US Capitol building at the end of Pennsylvania Avenue.
Allan Baxter | Getty Images
US Capitol building at the end of Pennsylvania Avenue.

In Washington, D.C., the median price for a home is $585,000, according to real-estate website Zillow, and the median rent is $2,700. That's nearly twice the national median of $278,900 and $1,695, respectively. In the most expensive ZIP code in the nation's capital, housing prices go dramatically higher: It can cost nearly $1 million to buy a home.

Still, while residents must contend with some of the most expensive real-estate prices in the country, as well as steep tax burdens in the surrounding areas, people who live in D.C. say their No. 1 source of financial stress isn't taxes or the cost of housing. It's debt.

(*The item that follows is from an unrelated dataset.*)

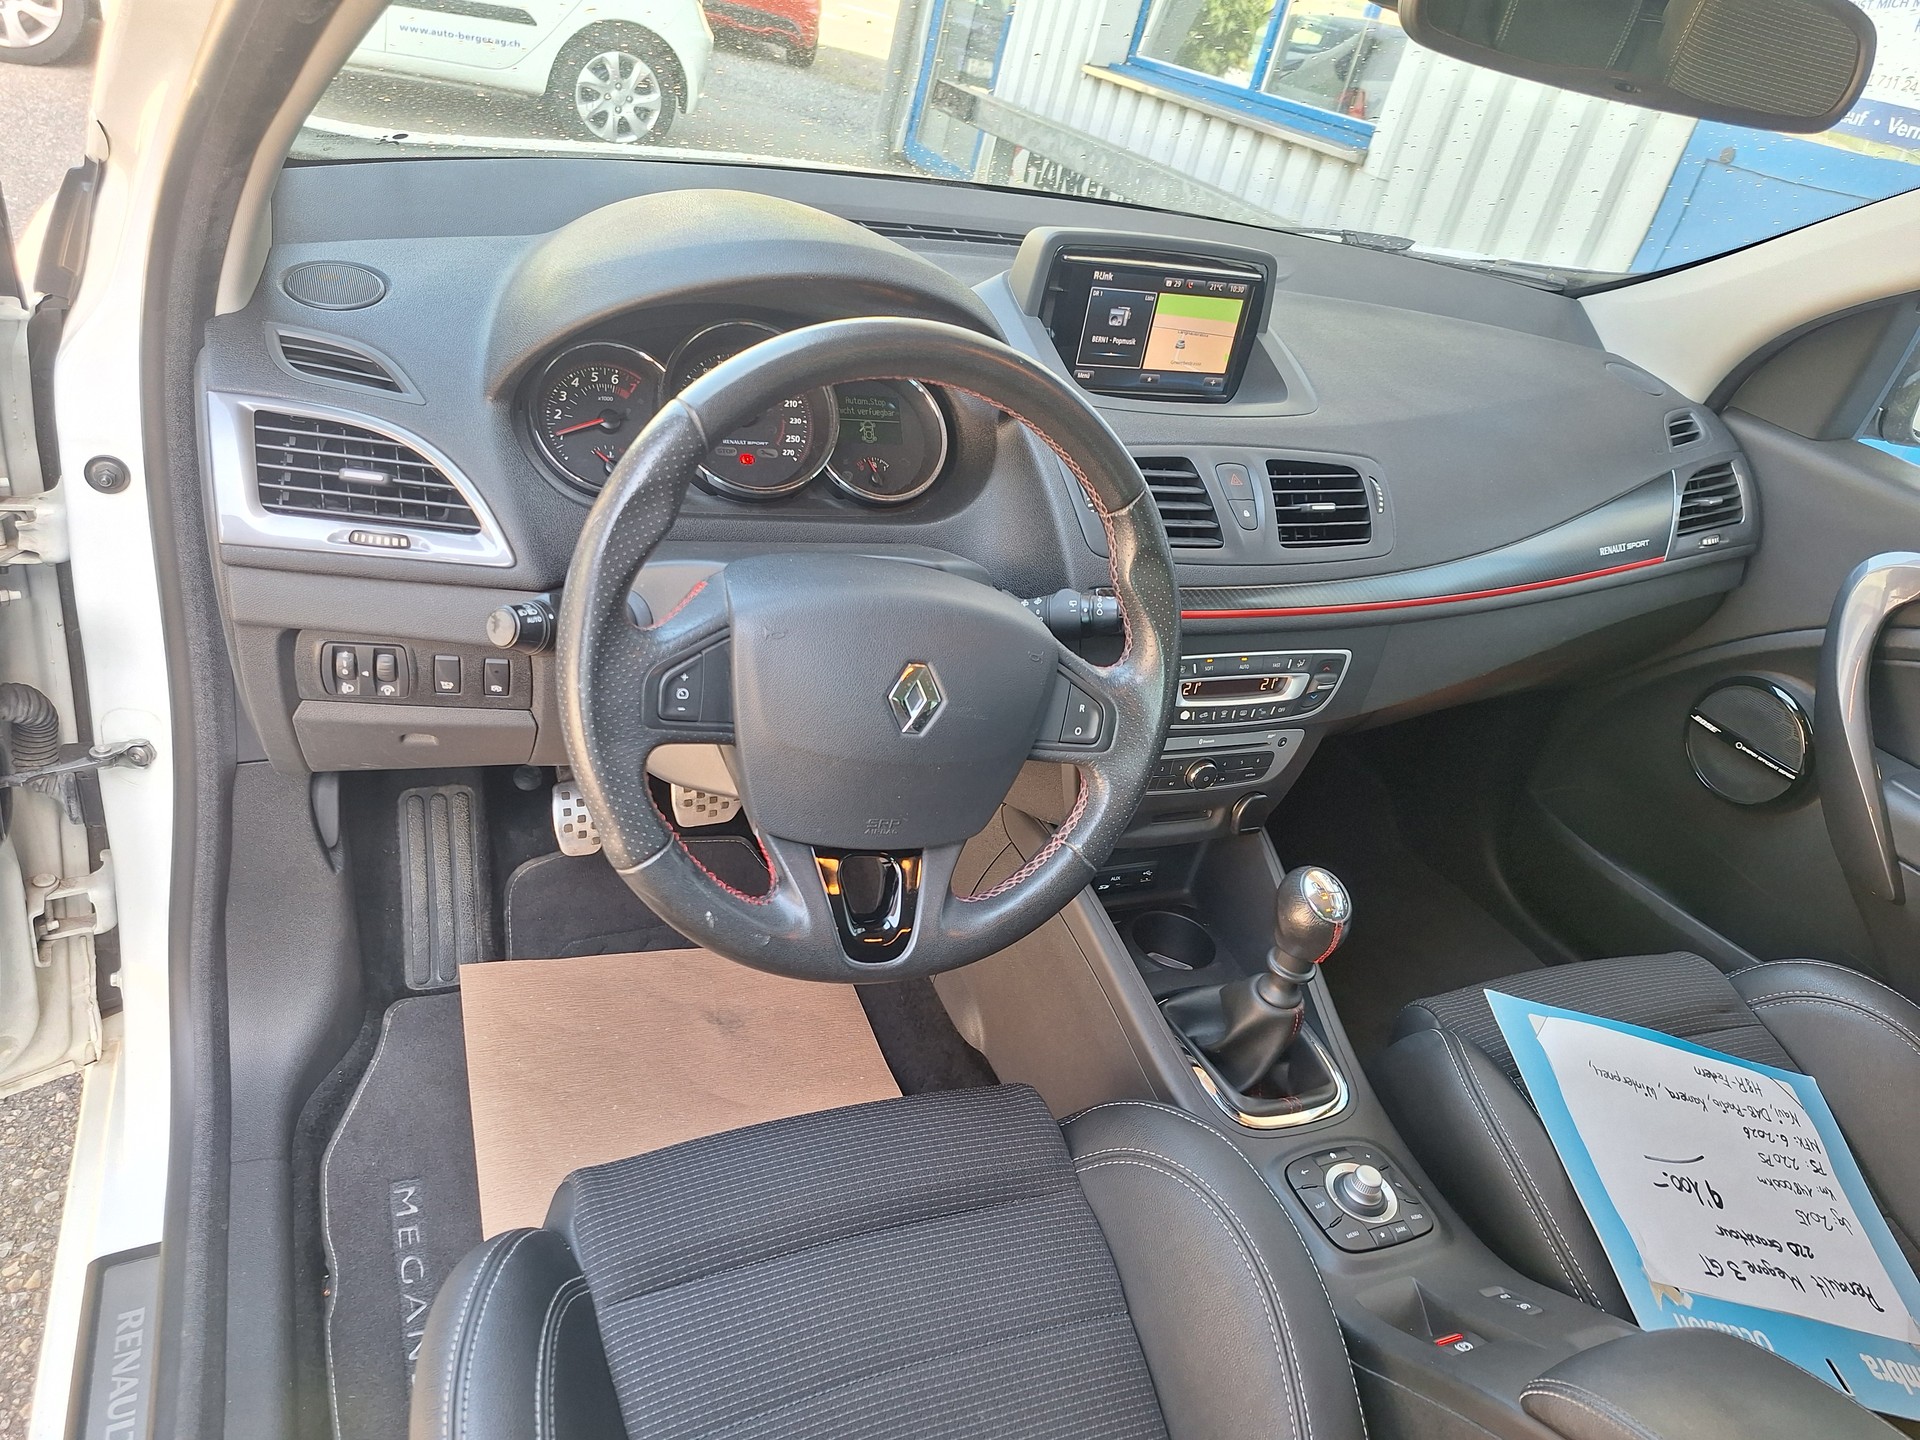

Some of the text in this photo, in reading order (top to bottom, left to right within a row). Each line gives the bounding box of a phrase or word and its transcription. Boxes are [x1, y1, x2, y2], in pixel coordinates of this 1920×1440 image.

That's according to financial site GOBankingRates, which conducted a study of more than 2,000 people from every state and D.C., "to pinpoint what's causing the worst financial fears and stress among Americans."

Respondents could choose one of the following options: "debt," "education," including things like college expenses, "everyday costs," including groceries and utilities, "family," including child care and divorce, "health care," "housing," or "taxes."

D.C. residents chose debt.

"The nation's capital is a place with one of the highest living costs in the U.S.," says GOBankingRates. "As a result, residents might be relying on debt to help cover costs."

But while being in the red is a major concern for many Americans, and for millennials in particular, the No. 1 cause of financial stress in the country overall isn't debt; it's the everyday costs of living, according to the study.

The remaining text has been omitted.